355 500 произведений, 25 200 авторов.

Электронная библиотека книг » Александр Полещук » Эффект бешеного Солнца » Текст книги (страница 4)
Эффект бешеного Солнца
  • Текст добавлен: 17 сентября 2016, 22:26

Текст книги "Эффект бешеного Солнца"


Автор книги: Александр Полещук



сообщить о нарушении

Текущая страница: 4 (всего у книги 9 страниц) [доступный отрывок для чтения: 4 страниц]

ГЛАВА ДЕСЯТАЯ

Дверь торопливо отворили, и в комнату шумно вошел человек весьма примечательной наружности. Был он еще не стар, но с бородой поразительной величины, иссиня-черные волосы сплелись в тугих кольцах. Ястребиный нос вошедшего оканчивался чем-то, напоминающим небольшую сливу, отчего на первый взгляд хищное выражение лица несколько смягчалось. Под густыми бровями сверкали глаза, но это были не глаза, нет, это были раскаленные угли, даже не угли, а нечто феноменальное по своей выразительности. На ногах его были охотничьи сапоги внушительного размера, поэтому человек смахивал на кота в сапогах, как его рисуют в детских книжках. Могучую грудь обтягивала видевшая виды кожаная куртка, от которой исходил самый неподдельный запах леса, запах хвои и костра, и еще чего-то совершенно уже таежного. На голове возвышалась фетровая шляпа, обвитая москитной сеткой наподобие чалмы поверх папахи, как во времена Шамиля было принято у его мюридов. В руках Сломоухов держал громадный рюкзак и большой мешок, а за плечами прикладами вверх торчали два великолепных ружья. Одно охотничье, двуствольное, а второе – невиданных ранее Юрием Васильевичем размеров – вертикалка.

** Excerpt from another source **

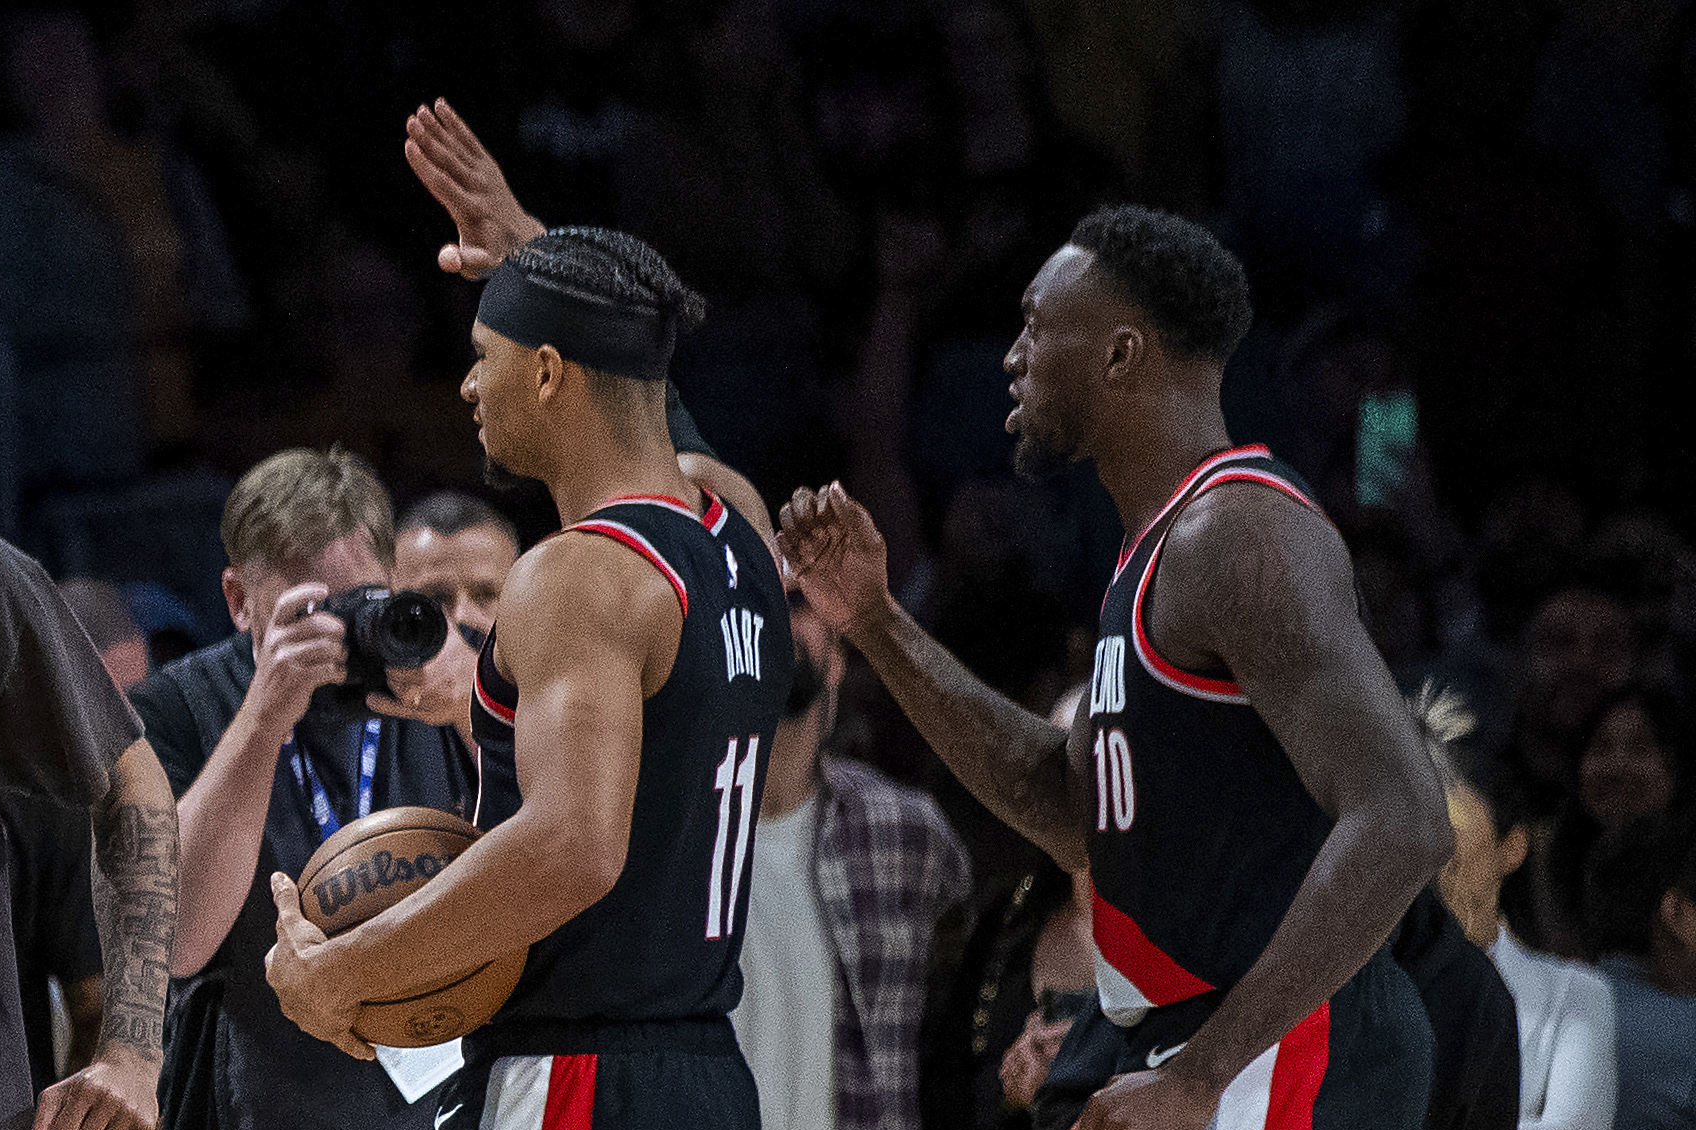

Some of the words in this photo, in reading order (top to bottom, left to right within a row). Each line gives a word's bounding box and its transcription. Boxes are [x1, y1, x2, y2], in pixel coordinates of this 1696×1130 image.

[1094, 727, 1136, 833] 10
[313, 850, 456, 917] Wilso
[705, 735, 760, 940] 11

Вокруг Сломоухова образовался настоящий хоровод. Так встречают студенты своего товарища, который устроился на работу в колбасный цех мясокомбината. Не было недостатка ни в восторгах, ни в знаках неподдельного радушия, ни в предвкушении чего-то необычайного. Юрий Васильевич, все еще несколько более оживленный, чем ему хотелось бы, также был подхвачен этим хороводом и бесцельно забегал по мастерской.

Сломоухова усадили на кожаный диван, и Прокофий Иванович собственноручно стянул с него сапоги: операция, доставившая гостю необыкновенное наслаждение. Аполлон Митрофанович снял с него ружья и куртку. Ворона сломя голову бросился с эмалированным тазом в коридор и тут же вернулся, расплескивая воду.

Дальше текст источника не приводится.